Here the job is to transcribe the data exactly while omitting the images.
----------------------------------------
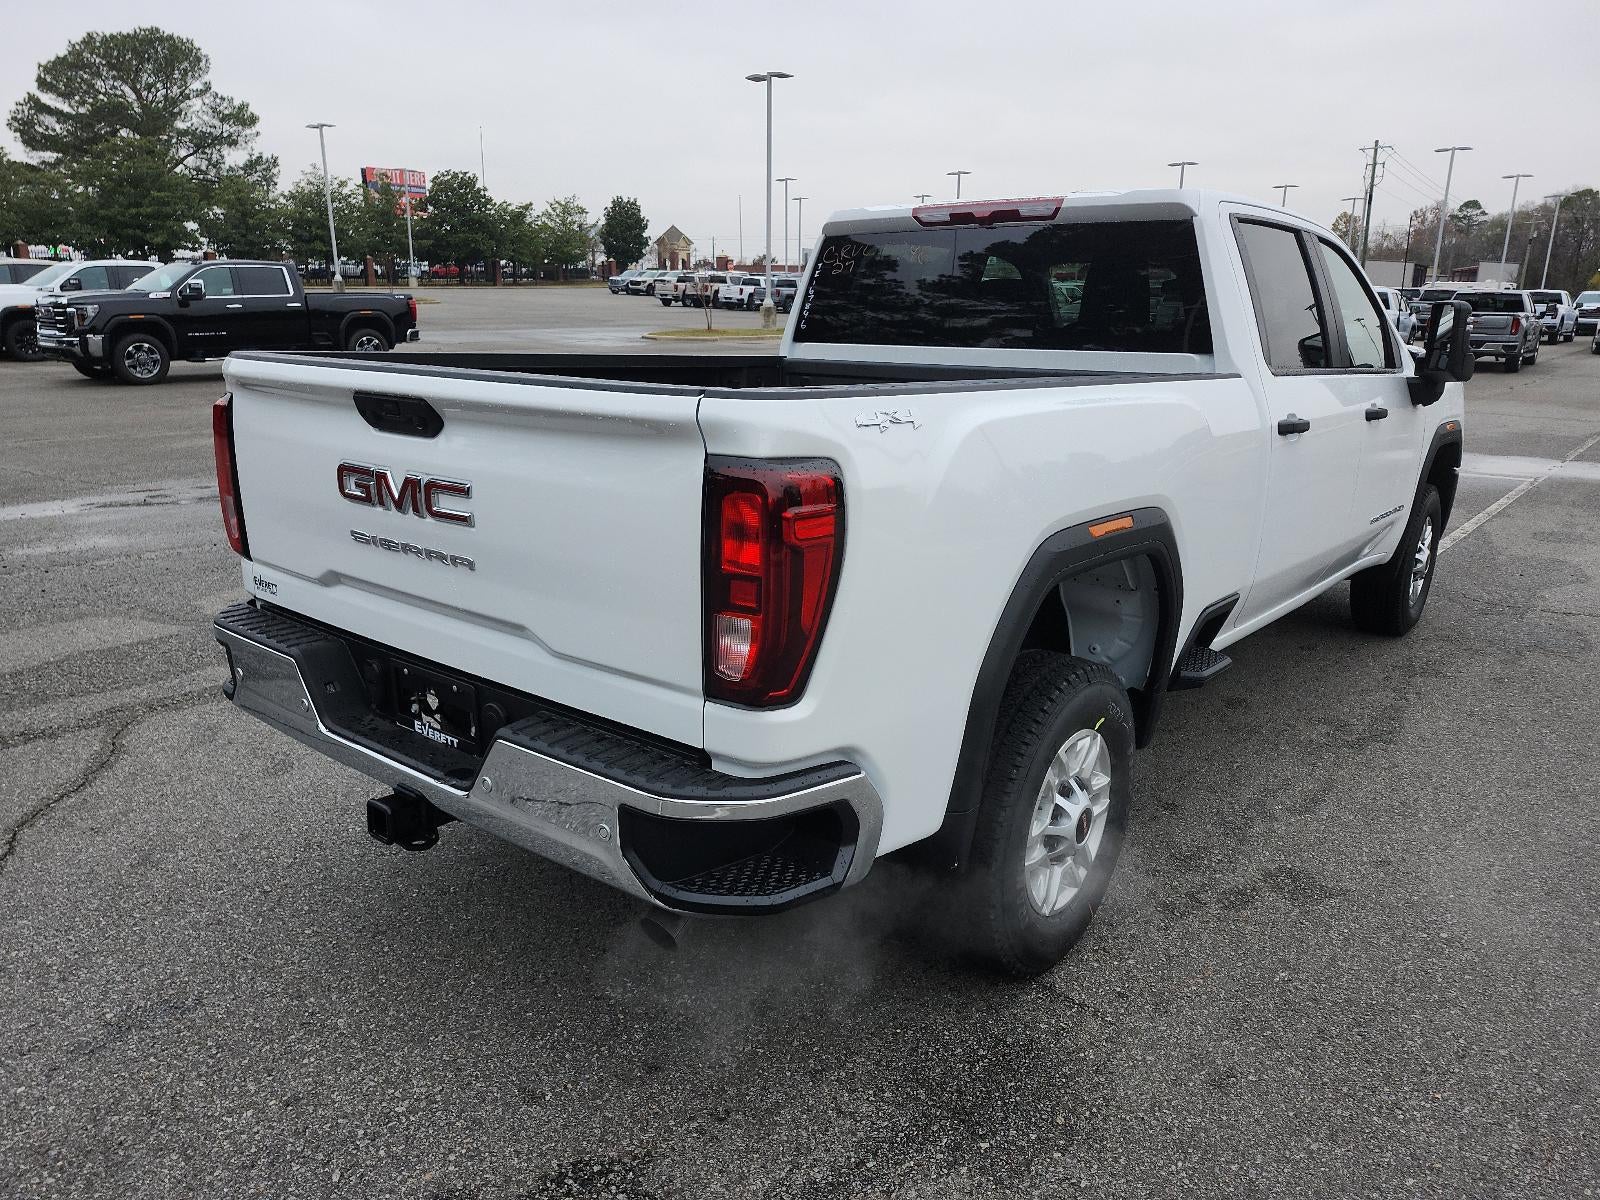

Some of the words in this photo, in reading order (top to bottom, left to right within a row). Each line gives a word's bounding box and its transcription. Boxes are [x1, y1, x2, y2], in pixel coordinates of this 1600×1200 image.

[831, 259, 855, 275] 27
[336, 459, 476, 529] GMC
[350, 529, 476, 572] SIERRA
[414, 719, 459, 748] EVERETT
----------------------------------------
> **ANSWER SECTION**
Some of the words in this photo, in reading order (top to bottom, left to right within a row). Each line gives a word's bounding box and its transcription. Boxes are [x1, y1, x2, y2], in pixel coordinates of this 1600×1200 image.

[831, 259, 855, 275] 27
[336, 459, 476, 529] GMC
[350, 529, 476, 572] SIERRA
[414, 719, 459, 748] EVERETT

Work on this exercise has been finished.